**WORK INSTRUCTIONS**. Retype the data that follows line by line, exactly, and leave its pictures out.

**RECORDS SUPPLIED**.
------------

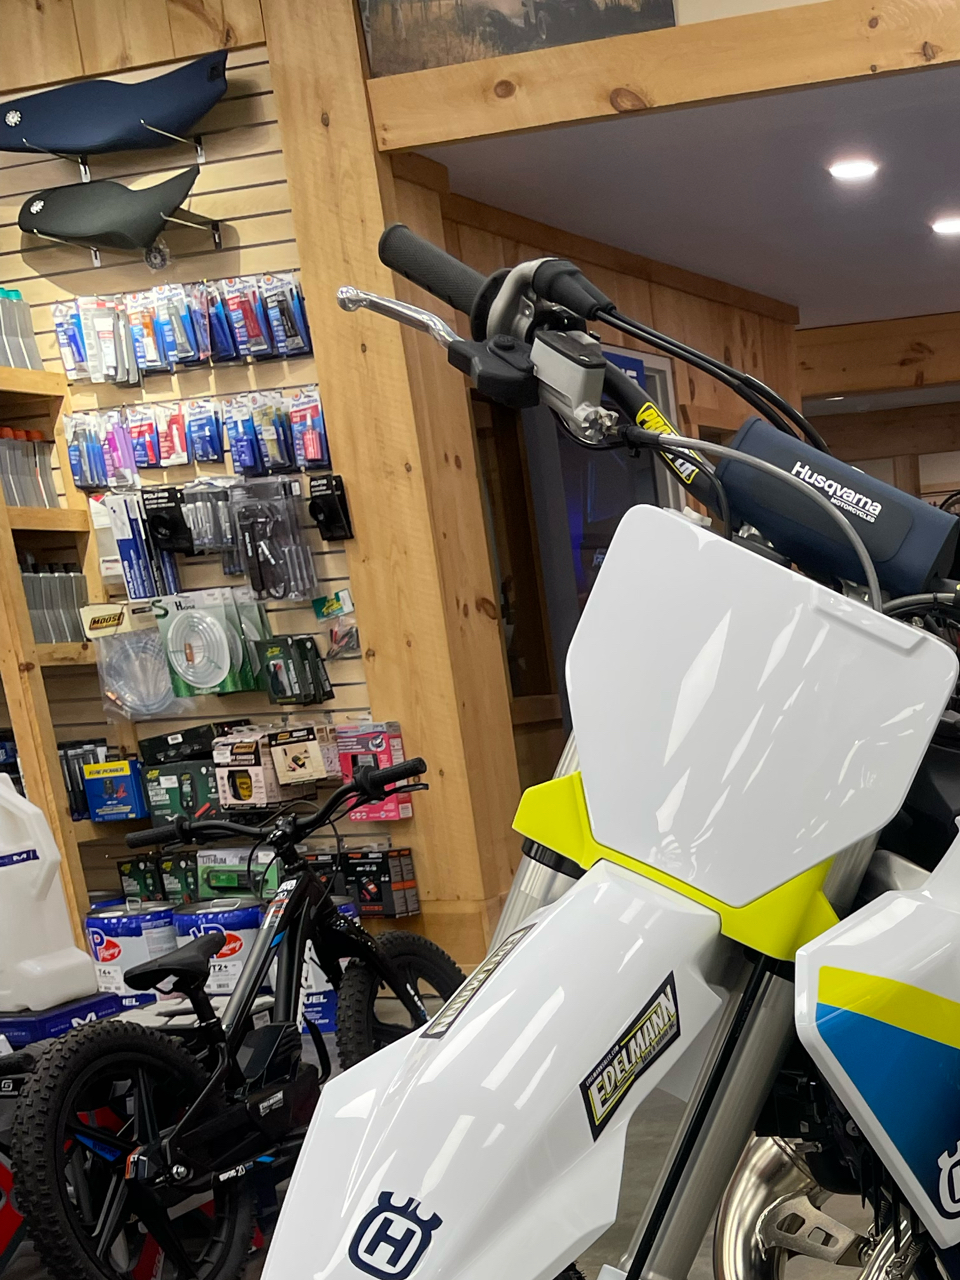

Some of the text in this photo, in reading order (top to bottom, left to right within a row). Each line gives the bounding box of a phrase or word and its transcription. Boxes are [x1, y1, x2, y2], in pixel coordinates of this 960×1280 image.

[791, 460, 882, 516] Husqvarna
[830, 497, 876, 523] MOTORCYCLES
[586, 1044, 620, 1086] EDELMANNSALES.COM
[588, 984, 676, 1126] EDELMANN

------------

**FINAL ANSWER**.
Some of the text in this photo, in reading order (top to bottom, left to right within a row). Each line gives the bounding box of a phrase or word and its transcription. Boxes are [x1, y1, x2, y2], in pixel coordinates of this 960×1280 image.

[791, 460, 882, 516] Husqvarna
[830, 497, 876, 523] MOTORCYCLES
[586, 1044, 620, 1086] EDELMANNSALES.COM
[588, 984, 676, 1126] EDELMANN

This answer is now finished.